-- The data follows --

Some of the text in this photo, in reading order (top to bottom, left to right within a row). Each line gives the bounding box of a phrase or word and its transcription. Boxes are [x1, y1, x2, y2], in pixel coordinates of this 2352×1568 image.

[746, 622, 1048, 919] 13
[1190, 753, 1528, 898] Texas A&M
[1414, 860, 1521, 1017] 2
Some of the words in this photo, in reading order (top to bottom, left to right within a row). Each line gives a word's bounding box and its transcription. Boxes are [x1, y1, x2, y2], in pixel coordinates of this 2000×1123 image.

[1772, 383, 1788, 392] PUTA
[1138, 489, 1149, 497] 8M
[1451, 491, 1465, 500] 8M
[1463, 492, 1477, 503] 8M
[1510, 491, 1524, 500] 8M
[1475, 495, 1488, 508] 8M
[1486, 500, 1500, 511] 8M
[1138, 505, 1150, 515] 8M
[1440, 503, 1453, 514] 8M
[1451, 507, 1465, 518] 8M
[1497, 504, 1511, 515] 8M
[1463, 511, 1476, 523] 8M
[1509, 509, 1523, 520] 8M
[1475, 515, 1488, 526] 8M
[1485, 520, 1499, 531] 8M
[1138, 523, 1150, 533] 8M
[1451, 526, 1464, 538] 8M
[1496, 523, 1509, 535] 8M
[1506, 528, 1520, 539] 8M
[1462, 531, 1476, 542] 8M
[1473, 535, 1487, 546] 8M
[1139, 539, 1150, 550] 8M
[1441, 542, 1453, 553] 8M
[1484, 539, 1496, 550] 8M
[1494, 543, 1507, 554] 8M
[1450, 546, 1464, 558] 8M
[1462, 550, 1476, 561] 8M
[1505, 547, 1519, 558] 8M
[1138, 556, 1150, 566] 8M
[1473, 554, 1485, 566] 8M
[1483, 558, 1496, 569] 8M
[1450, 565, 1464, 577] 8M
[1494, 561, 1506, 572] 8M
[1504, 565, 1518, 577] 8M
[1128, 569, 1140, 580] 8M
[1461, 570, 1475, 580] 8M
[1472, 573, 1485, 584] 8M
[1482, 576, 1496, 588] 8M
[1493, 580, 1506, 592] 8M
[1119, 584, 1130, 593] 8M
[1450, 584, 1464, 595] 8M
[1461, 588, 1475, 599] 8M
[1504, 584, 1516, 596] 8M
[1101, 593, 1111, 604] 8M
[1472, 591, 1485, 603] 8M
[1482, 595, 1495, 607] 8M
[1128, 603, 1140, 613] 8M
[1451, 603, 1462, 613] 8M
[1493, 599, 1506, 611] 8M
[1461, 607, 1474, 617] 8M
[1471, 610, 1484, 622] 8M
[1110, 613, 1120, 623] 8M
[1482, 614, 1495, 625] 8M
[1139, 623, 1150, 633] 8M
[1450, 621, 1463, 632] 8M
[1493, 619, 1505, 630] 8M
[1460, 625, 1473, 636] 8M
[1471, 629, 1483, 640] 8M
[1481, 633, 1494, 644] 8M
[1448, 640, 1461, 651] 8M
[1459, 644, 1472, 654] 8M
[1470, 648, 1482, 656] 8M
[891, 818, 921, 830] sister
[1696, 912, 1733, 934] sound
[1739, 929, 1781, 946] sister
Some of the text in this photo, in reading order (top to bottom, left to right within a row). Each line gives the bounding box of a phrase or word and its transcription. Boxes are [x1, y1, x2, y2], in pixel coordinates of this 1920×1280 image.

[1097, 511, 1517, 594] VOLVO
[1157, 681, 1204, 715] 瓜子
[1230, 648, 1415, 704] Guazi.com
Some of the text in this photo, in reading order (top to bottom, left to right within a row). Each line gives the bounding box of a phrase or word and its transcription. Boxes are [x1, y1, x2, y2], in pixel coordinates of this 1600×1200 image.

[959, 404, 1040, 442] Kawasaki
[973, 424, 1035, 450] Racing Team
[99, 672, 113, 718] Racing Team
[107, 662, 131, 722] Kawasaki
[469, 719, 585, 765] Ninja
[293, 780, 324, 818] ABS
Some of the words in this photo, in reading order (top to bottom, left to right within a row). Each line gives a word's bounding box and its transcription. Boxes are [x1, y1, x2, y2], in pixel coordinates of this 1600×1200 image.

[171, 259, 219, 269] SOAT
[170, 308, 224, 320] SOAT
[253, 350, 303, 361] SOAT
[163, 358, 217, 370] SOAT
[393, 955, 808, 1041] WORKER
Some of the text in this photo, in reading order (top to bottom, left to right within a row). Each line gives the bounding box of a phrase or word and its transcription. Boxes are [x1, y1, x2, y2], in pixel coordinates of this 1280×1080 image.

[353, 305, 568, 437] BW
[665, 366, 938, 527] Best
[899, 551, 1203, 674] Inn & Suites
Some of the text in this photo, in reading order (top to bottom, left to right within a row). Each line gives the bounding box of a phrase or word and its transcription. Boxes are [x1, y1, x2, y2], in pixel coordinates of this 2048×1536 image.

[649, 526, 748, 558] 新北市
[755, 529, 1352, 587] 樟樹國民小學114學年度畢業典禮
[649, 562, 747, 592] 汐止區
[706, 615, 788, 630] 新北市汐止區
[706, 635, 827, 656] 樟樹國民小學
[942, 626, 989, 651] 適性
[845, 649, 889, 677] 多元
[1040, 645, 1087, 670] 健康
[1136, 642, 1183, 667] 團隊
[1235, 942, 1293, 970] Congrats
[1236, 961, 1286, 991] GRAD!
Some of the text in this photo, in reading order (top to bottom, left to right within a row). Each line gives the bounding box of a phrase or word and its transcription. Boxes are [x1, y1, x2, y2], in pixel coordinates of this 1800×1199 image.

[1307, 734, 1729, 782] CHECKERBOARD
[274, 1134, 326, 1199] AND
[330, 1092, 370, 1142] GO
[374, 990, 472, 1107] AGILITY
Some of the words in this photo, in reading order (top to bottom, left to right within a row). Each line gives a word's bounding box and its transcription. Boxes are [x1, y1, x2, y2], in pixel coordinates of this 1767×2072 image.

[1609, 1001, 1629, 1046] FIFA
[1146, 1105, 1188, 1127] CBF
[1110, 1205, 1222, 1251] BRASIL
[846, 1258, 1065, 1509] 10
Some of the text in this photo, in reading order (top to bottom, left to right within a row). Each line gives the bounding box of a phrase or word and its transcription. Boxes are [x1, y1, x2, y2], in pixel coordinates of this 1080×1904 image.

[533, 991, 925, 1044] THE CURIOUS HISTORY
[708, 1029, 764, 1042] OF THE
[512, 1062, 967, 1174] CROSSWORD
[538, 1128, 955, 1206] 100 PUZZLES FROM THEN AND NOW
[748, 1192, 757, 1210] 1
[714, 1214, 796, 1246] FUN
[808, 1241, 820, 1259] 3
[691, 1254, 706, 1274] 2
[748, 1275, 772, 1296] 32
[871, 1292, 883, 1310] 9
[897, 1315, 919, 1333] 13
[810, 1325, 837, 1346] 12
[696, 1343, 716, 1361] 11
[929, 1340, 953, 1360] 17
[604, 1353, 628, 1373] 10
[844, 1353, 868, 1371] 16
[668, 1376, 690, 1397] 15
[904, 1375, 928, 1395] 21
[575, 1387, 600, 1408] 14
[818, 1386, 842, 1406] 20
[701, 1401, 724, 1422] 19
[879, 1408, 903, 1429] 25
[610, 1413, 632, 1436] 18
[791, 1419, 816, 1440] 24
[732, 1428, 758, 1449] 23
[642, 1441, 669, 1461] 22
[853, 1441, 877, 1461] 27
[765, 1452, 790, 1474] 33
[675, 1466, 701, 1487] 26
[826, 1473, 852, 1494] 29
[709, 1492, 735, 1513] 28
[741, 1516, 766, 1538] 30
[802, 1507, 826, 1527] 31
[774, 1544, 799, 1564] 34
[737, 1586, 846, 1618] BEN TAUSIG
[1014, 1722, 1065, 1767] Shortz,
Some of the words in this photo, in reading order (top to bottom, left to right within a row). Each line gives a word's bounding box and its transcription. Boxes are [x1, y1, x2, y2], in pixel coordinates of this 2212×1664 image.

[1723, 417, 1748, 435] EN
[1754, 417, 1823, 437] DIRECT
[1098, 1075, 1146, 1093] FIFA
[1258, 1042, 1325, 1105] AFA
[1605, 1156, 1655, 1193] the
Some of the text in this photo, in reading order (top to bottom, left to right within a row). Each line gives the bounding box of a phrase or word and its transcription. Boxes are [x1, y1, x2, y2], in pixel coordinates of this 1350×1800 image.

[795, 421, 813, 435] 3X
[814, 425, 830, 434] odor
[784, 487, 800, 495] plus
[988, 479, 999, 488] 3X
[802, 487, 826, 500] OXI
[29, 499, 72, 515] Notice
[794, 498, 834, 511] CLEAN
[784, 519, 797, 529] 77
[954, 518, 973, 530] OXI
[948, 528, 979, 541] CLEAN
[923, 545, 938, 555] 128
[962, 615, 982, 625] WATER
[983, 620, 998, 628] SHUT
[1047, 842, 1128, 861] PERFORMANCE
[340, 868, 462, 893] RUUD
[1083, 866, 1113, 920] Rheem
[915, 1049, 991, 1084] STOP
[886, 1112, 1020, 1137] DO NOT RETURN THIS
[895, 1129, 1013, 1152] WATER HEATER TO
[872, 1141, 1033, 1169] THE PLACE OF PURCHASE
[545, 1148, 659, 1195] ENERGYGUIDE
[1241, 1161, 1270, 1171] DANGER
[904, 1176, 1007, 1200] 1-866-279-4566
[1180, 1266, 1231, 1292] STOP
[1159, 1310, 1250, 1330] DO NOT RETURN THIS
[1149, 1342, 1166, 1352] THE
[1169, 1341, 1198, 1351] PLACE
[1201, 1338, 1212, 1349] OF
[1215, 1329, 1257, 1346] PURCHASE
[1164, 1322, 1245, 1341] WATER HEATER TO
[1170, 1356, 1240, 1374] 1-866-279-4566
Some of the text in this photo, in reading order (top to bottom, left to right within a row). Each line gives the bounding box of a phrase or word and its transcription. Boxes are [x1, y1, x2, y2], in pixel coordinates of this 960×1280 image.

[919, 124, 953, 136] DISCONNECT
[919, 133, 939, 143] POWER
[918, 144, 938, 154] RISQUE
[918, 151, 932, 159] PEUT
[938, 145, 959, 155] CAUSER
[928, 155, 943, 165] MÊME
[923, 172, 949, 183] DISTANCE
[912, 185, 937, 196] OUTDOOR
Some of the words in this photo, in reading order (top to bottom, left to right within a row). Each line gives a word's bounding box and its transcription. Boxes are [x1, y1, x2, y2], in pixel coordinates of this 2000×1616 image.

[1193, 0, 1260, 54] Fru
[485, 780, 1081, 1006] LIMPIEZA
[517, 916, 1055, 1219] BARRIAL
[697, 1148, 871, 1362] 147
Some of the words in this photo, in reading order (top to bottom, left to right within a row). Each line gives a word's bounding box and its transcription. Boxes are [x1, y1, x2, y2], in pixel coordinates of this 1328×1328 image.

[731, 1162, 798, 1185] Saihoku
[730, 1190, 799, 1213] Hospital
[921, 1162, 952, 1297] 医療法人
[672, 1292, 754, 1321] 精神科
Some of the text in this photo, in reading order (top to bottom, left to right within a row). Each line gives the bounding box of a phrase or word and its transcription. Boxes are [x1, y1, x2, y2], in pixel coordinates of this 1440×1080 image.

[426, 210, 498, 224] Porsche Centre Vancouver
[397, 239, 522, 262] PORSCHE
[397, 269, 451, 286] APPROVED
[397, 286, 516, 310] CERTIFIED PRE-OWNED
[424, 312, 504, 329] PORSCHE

-- The data concluded --

* Work to complete *
Only the lines from the one containing "this 960×1280 image." through the last line above belong in your answer. Retype them exactly.

* Response *
Some of the text in this photo, in reading order (top to bottom, left to right within a row). Each line gives the bounding box of a phrase or word and its transcription. Boxes are [x1, y1, x2, y2], in pixel coordinates of this 960×1280 image.

[919, 124, 953, 136] DISCONNECT
[919, 133, 939, 143] POWER
[918, 144, 938, 154] RISQUE
[918, 151, 932, 159] PEUT
[938, 145, 959, 155] CAUSER
[928, 155, 943, 165] MÊME
[923, 172, 949, 183] DISTANCE
[912, 185, 937, 196] OUTDOOR
Some of the words in this photo, in reading order (top to bottom, left to right within a row). Each line gives a word's bounding box and its transcription. Boxes are [x1, y1, x2, y2], in pixel coordinates of this 2000×1616 image.

[1193, 0, 1260, 54] Fru
[485, 780, 1081, 1006] LIMPIEZA
[517, 916, 1055, 1219] BARRIAL
[697, 1148, 871, 1362] 147
Some of the words in this photo, in reading order (top to bottom, left to right within a row). Each line gives a word's bounding box and its transcription. Boxes are [x1, y1, x2, y2], in pixel coordinates of this 1328×1328 image.

[731, 1162, 798, 1185] Saihoku
[730, 1190, 799, 1213] Hospital
[921, 1162, 952, 1297] 医療法人
[672, 1292, 754, 1321] 精神科
Some of the text in this photo, in reading order (top to bottom, left to right within a row). Each line gives the bounding box of a phrase or word and its transcription. Boxes are [x1, y1, x2, y2], in pixel coordinates of this 1440×1080 image.

[426, 210, 498, 224] Porsche Centre Vancouver
[397, 239, 522, 262] PORSCHE
[397, 269, 451, 286] APPROVED
[397, 286, 516, 310] CERTIFIED PRE-OWNED
[424, 312, 504, 329] PORSCHE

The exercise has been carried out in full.